Parsian and her colleagues hypothesized that some quantitative magnetic resonance imaging (MRI) measures, such as diffusion-weighted MRI (DWI) and dynamic contrast-enhanced MRI (DCE), would correlate with histopathological markers by enabling the researchers to measure the tumor’s cellularity and vascularity.
In DWI, the diffusion of fluids along a field gradient reduces the MRI signal, so it can determine cellularity of the tumor by measuring the degree of water mobility. DCE enables viewers to see more information about tumor vascularity. A malignant cell group needs a blood supply to grow, and those vascular changes cause tumors to appear differently on DCE compared with normal tissue, Parsian said. The enhancement pattern seen on an MRI is called kinetics.
Researchers evaluated correlations between DWI and DCE kinetics and histopathologic markers of breast cancer determined from biopsy, such as estrogen receptor (ER), progesterone receptor, HER2, p53 and the ki67 proliferation marker, in 41 invasive cancers among 36 patients. They found statistically significant correlations between MRI measures and all markers, except ER, which was only marginally associated with one of the DCE measures. Each of the DCE kinetics parameters significantly discriminated grade III tumors from grades I and II and luminal A from luminal B and basal-like intrinsic subtypes.

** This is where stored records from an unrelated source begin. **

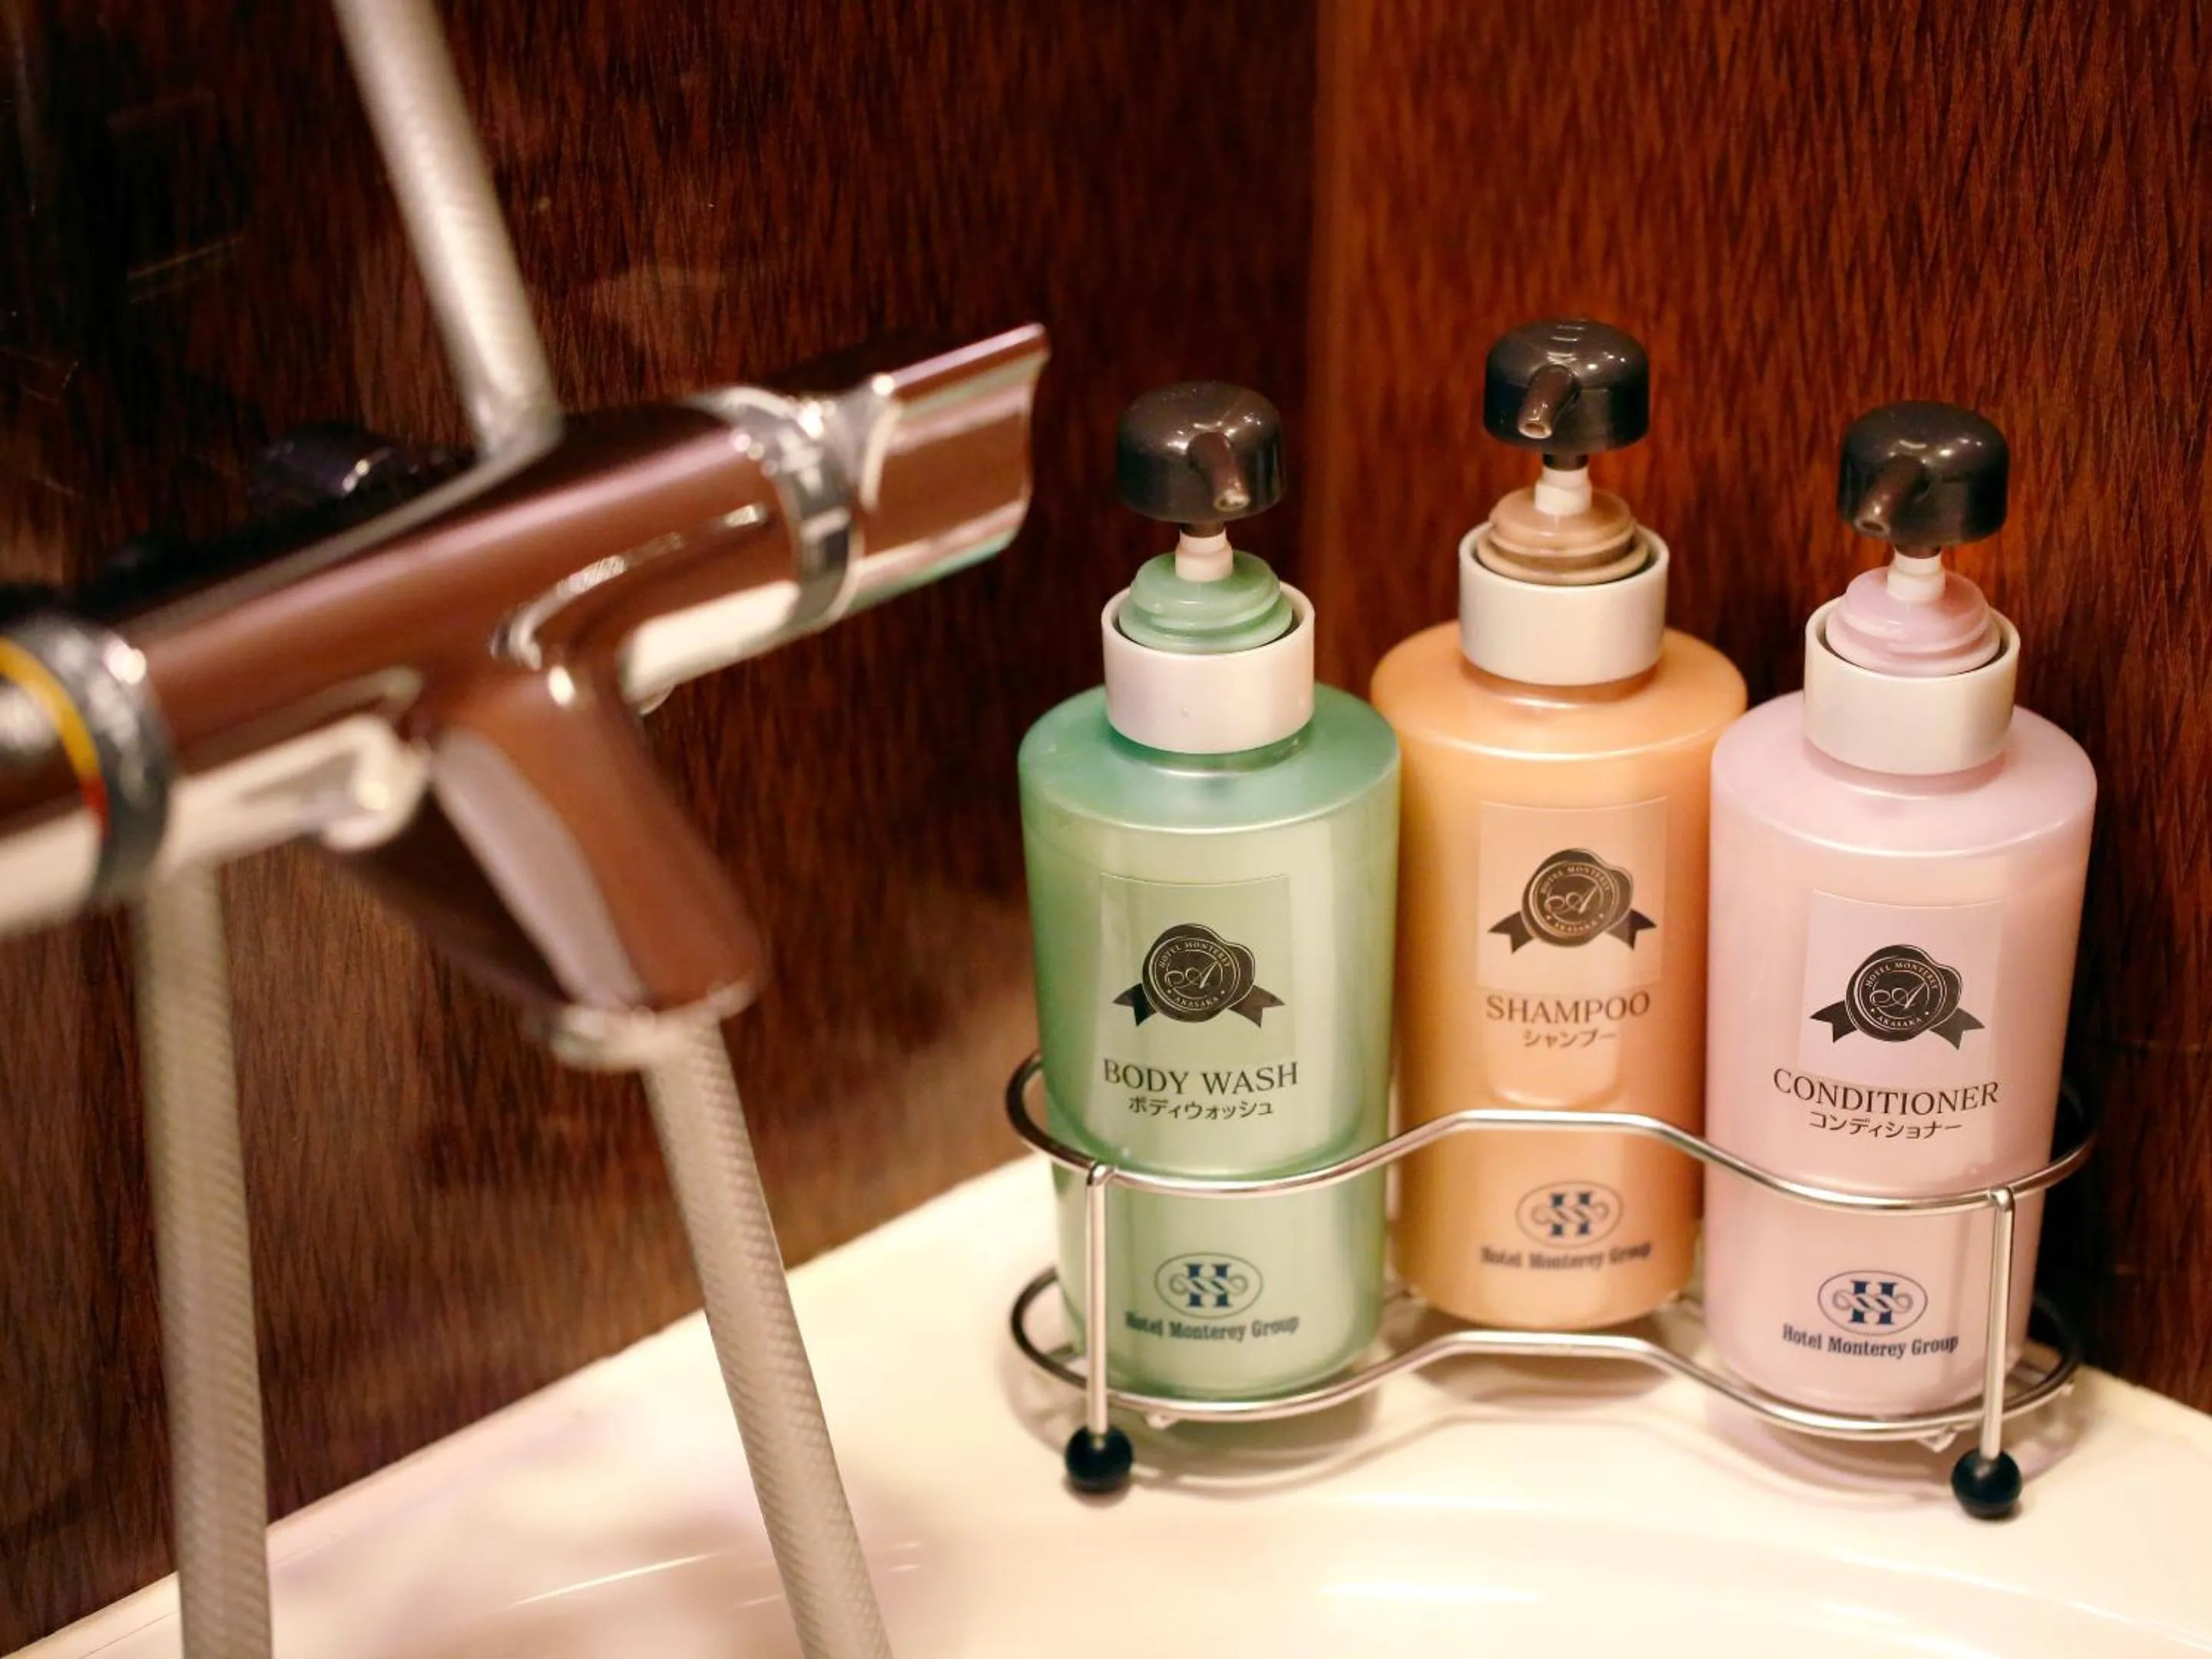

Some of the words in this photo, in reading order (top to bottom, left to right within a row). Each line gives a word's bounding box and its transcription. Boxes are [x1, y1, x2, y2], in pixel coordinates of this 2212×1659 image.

[1865, 965, 1891, 988] HOTEL
[1485, 991, 1651, 1025] SHAMPOO
[1104, 1058, 1189, 1095] BODY
[1200, 1061, 1298, 1095] WASH
[1773, 1068, 1999, 1115] CONDITIONER
[1128, 1096, 1273, 1121] ボディウォッシュ
[1810, 1111, 1962, 1139] コンディショナー
[1528, 1251, 1604, 1270] Monterey
[1124, 1310, 1163, 1337] Hotel
[1169, 1320, 1247, 1343] Monterey
[1251, 1316, 1300, 1338] Group
[1783, 1323, 1822, 1349] Hotel
[1827, 1335, 1906, 1359] Monterey
[1911, 1336, 1959, 1356] Group

“When we looked at these measures, we realized there was a correlation with biomarkers,” Parsian said.
Although these are preliminary data, she hopes that someday MRI might provide valuable noninvasive information about tumor biology for selecting and guiding targeted therapies.
Parsian said larger prospective studies are needed to confirm these results and that MRI may complement biopsy to sample the whole tumor and reflect tumor heterogeneity.
“I think the final goal of radiology is to get more information while doing the least amount of intervention possible for the patient,” she said. “It would be great if we could improve our understanding of breast cancer biology and predict response to different therapies with imaging. Our study suggests MRI may play a valuable role in this process.”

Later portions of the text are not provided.